Significado de la estela

Las inscripciones de la estela están mal conservadas. Rellenan los espacios negativos de las escenas y discurren continuamente de un lado a otro. El texto está escrito en escritura cuneiforme sumeria. Por estas inscripciones, se sabe que la estela fue encargada por Eannatum, un ensi o gobernante de Lagash hacia el año 2460 a.C.

En ella se describe un conflicto con Umma por Gu-Edin, una extensión de tierra agrícola situada entre las dos ciudades-estado. El conflicto termina en una batalla en la que Eannatum, descrito como el amado del dios Ningirsu, triunfa sobre Umma. Tras la batalla, el líder de Umma jura que no volverá a transgredir el territorio de Lagash bajo pena de castigo divino.

Descubrimiento

Los tres primeros fragmentos de la Estela de los Buitres fueron encontrados durante las excavaciones realizadas a principios de la década de 1880 por el arqueólogo francés Ernest de Sarzec en el yacimiento arqueológico de Tello, antigua Girsu, en el actual sur de Irak. Otros tres fragmentos salieron a la luz durante las excavaciones de 1888-1889.

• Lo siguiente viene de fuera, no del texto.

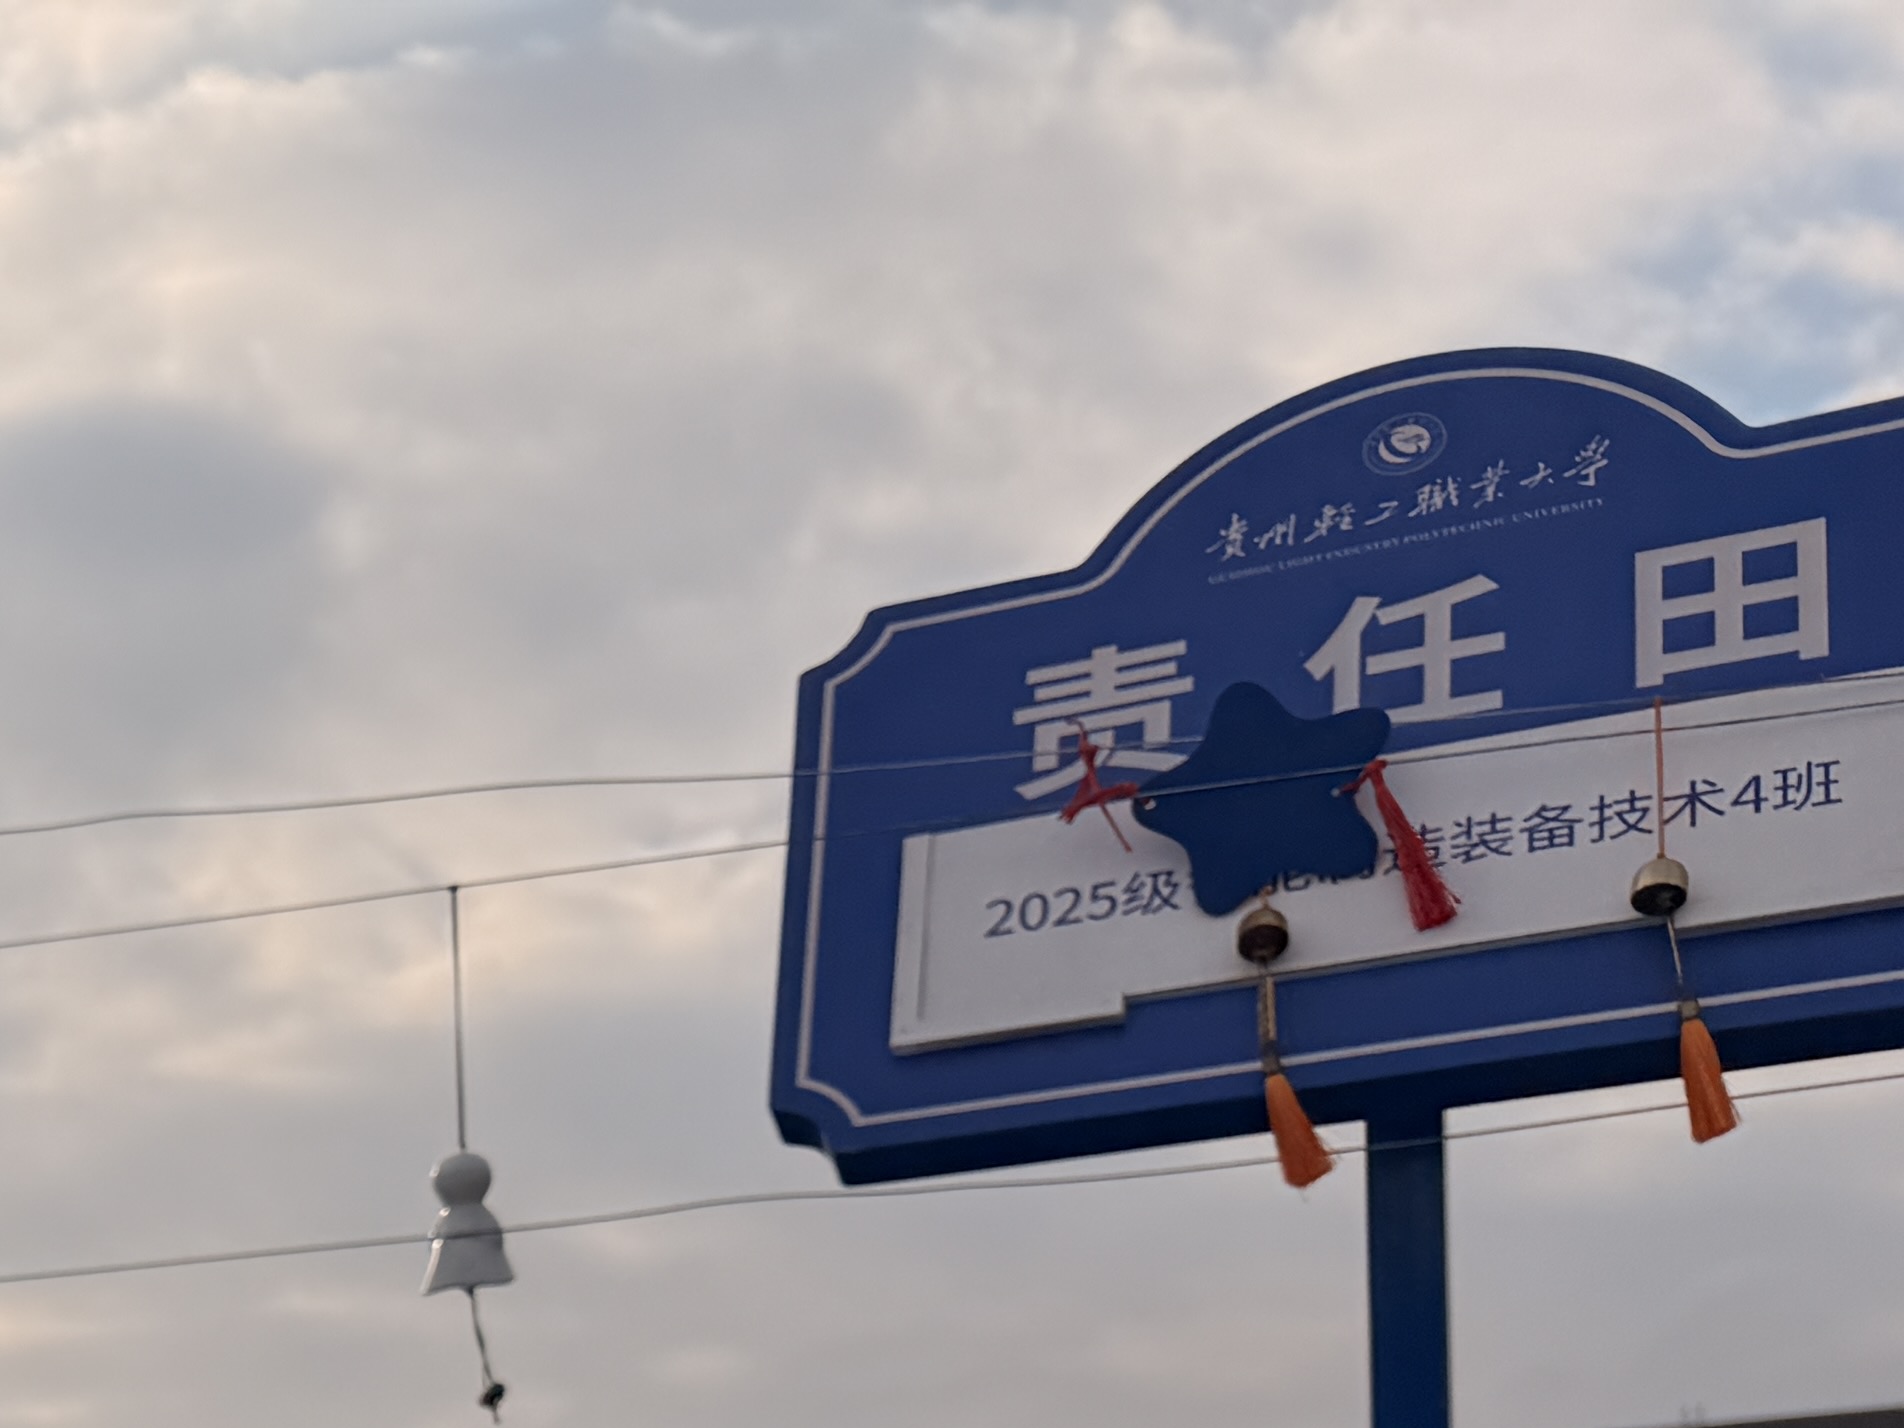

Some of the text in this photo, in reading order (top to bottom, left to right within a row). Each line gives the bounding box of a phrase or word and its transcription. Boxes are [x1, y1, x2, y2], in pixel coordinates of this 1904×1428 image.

Un séptimo fragmento, que posteriormente se determinó que formaba parte de la Estela de los Buitres y que se creía procedente de Tello, fue adquirido en el mercado de antigüedades por el Museo Británico en 1898. Aunque el Museo Británico denegó dos peticiones iniciales para entregar este fragmento al Louvre, finalmente se lo entregó en 1932 para que pudiera incorporarse a la estela reconstruida junto con los otros fragmentos.